→ **EXERCISE**
Restate word for word every entry that appears below, skipping its pictures.

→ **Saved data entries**
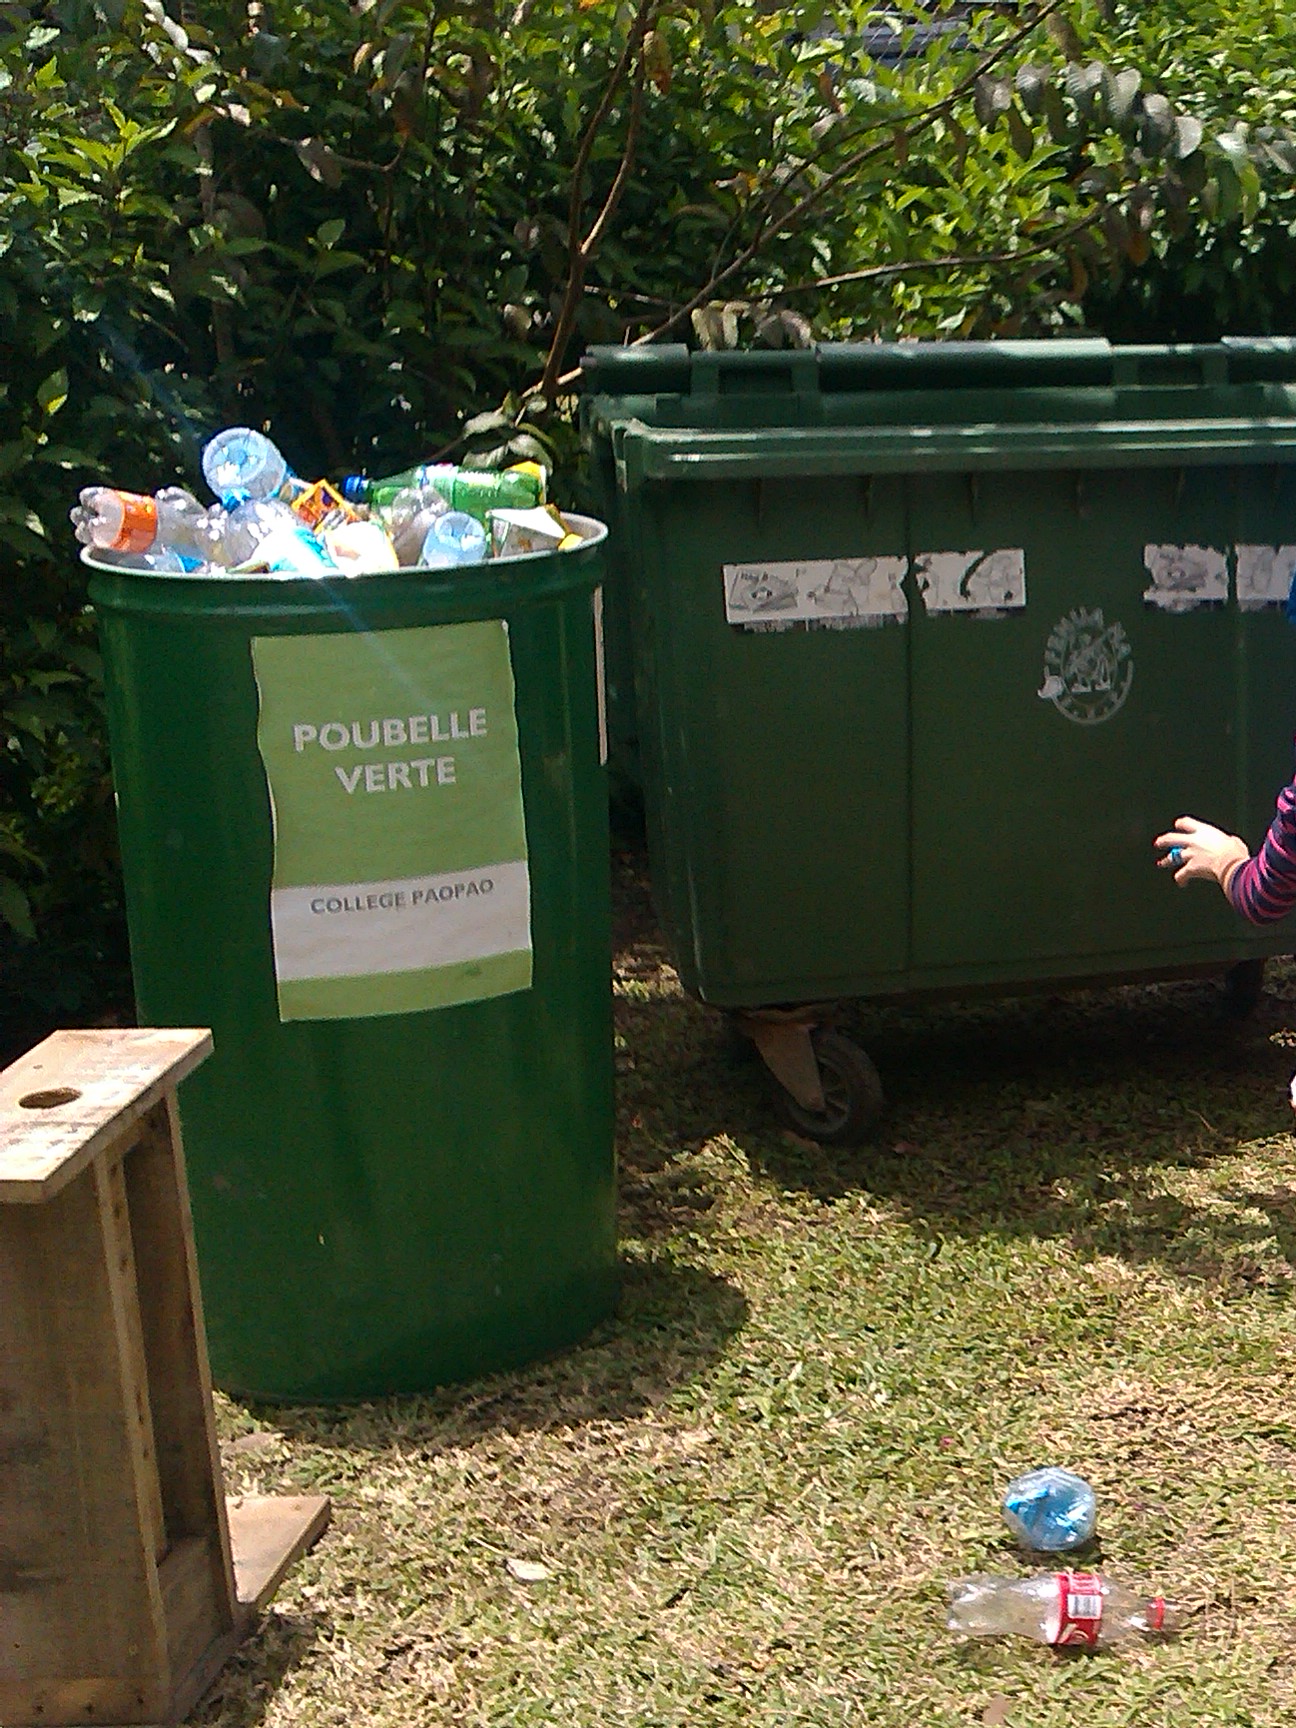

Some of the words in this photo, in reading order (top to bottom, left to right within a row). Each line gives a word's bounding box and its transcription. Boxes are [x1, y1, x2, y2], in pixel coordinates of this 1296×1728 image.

[293, 706, 488, 752] POUBELLE
[334, 756, 457, 794] VERTE
[310, 891, 406, 914] COLLEGE
[412, 878, 495, 906] PAOPAO
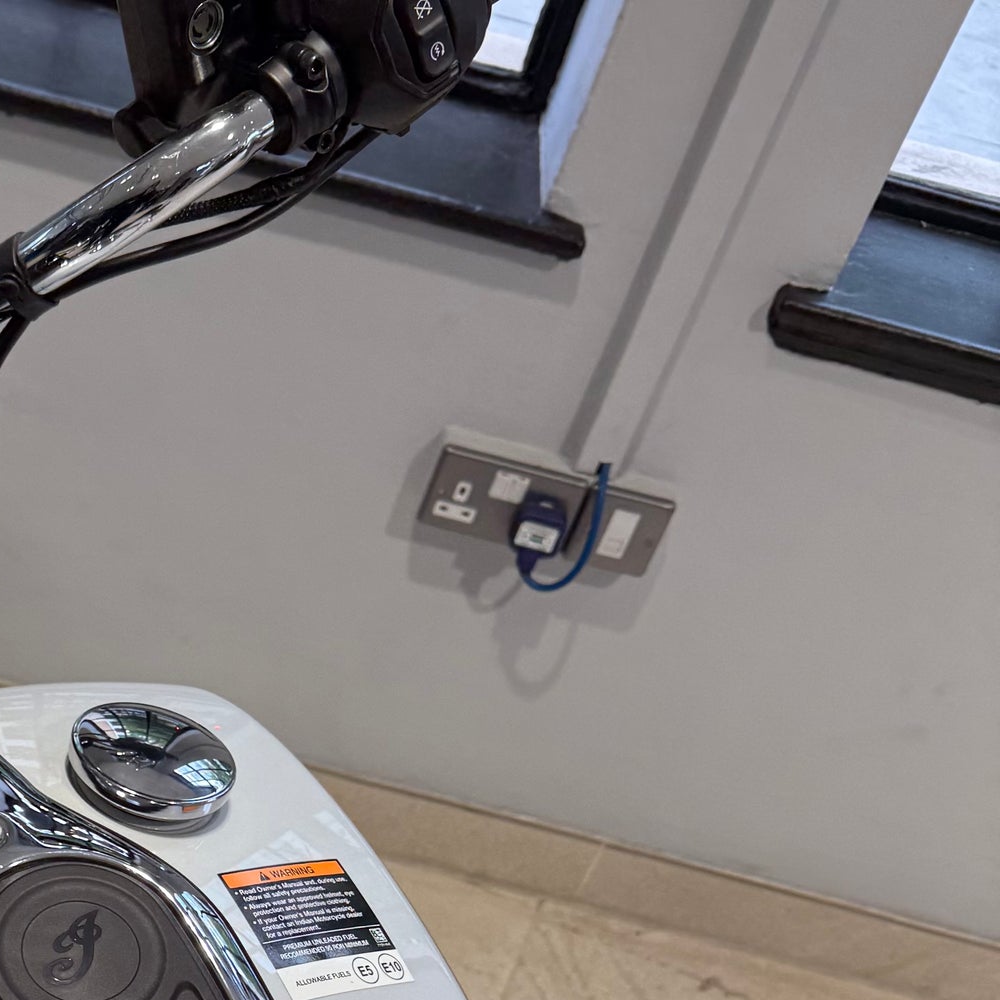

→ **RESPONSE FOR THIS EXERCISE**
Some of the words in this photo, in reading order (top to bottom, left to right within a row). Each line gives a word's bounding box and its transcription. Boxes are [x1, y1, x2, y2], in pixel coordinates of this 1296×1728 image.

[293, 706, 488, 752] POUBELLE
[334, 756, 457, 794] VERTE
[310, 891, 406, 914] COLLEGE
[412, 878, 495, 906] PAOPAO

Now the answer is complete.